··· Record extracts

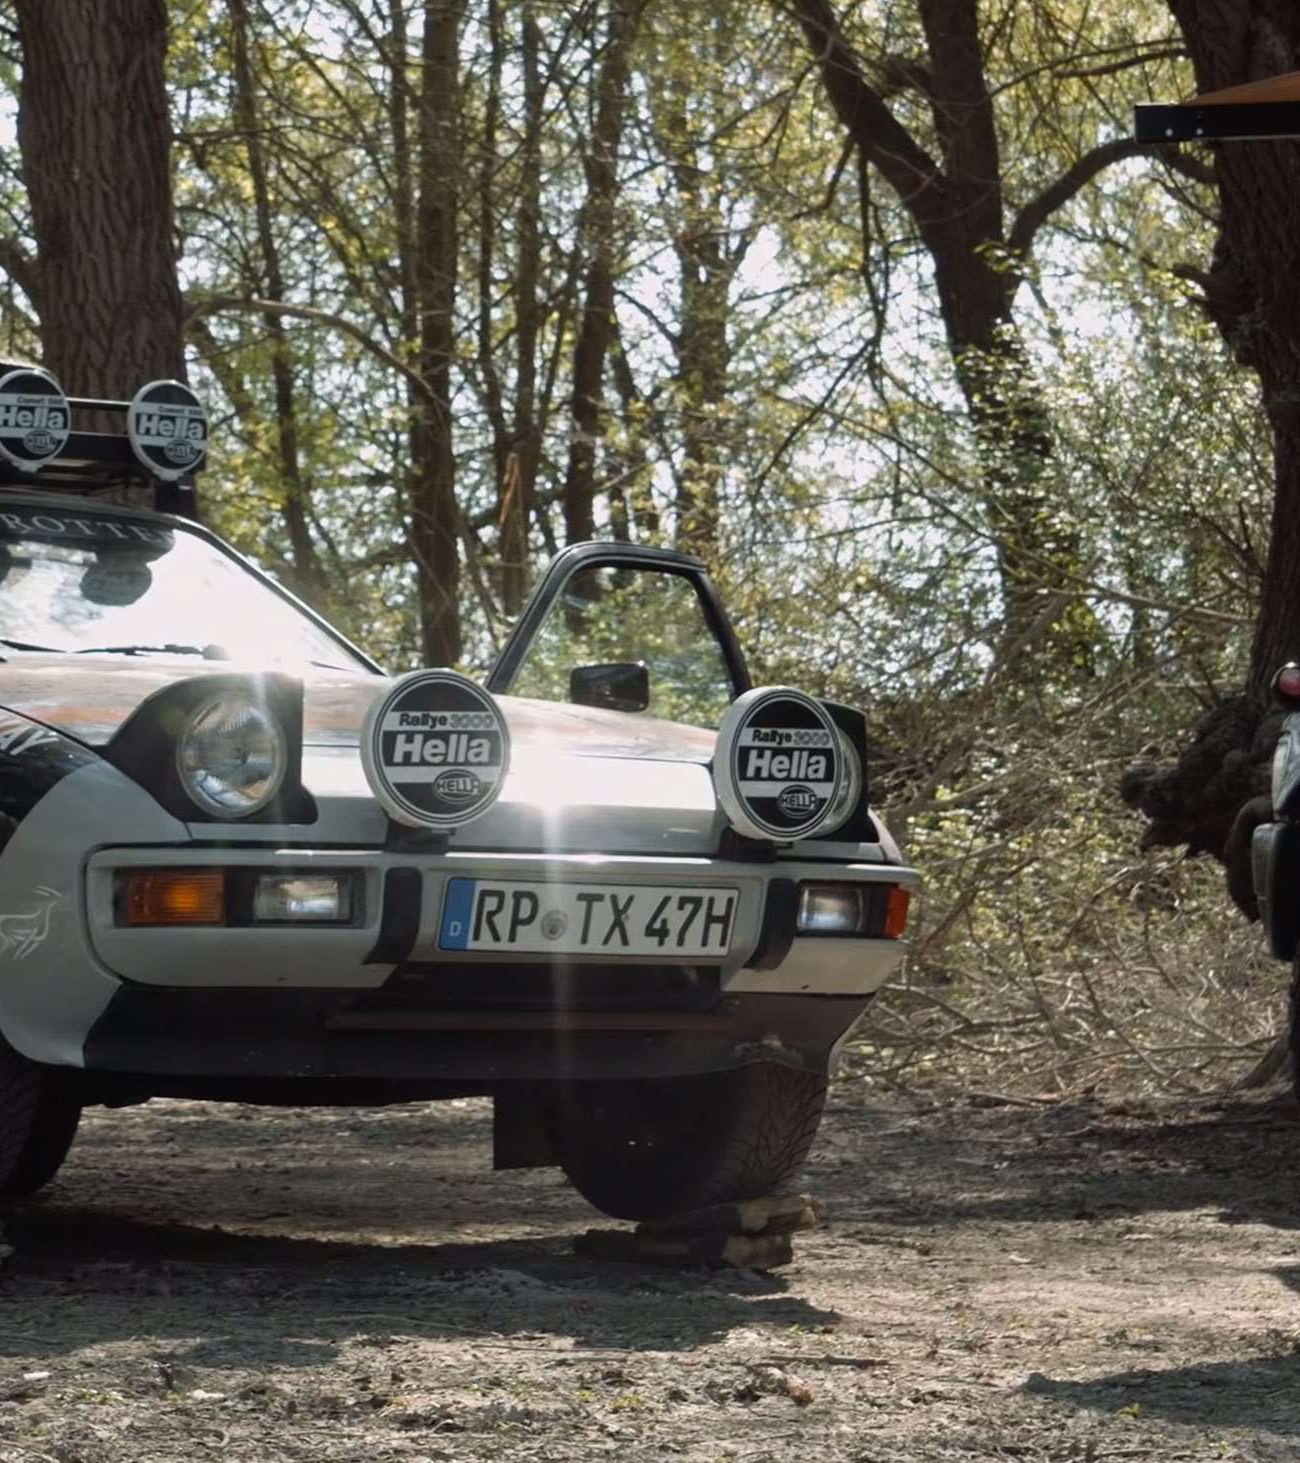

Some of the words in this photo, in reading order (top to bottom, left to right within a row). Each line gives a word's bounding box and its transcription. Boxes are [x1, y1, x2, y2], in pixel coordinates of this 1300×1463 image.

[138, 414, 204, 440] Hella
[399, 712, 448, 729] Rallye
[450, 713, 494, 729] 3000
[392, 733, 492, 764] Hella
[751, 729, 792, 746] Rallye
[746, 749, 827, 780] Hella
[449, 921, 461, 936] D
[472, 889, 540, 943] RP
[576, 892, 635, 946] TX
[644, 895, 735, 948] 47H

······

- _Exercise_
The data shown above must be printed again exactly, with no images included.

- _Expected output_
Some of the words in this photo, in reading order (top to bottom, left to right within a row). Each line gives a word's bounding box and its transcription. Boxes are [x1, y1, x2, y2], in pixel coordinates of this 1300×1463 image.

[138, 414, 204, 440] Hella
[399, 712, 448, 729] Rallye
[450, 713, 494, 729] 3000
[392, 733, 492, 764] Hella
[751, 729, 792, 746] Rallye
[746, 749, 827, 780] Hella
[449, 921, 461, 936] D
[472, 889, 540, 943] RP
[576, 892, 635, 946] TX
[644, 895, 735, 948] 47H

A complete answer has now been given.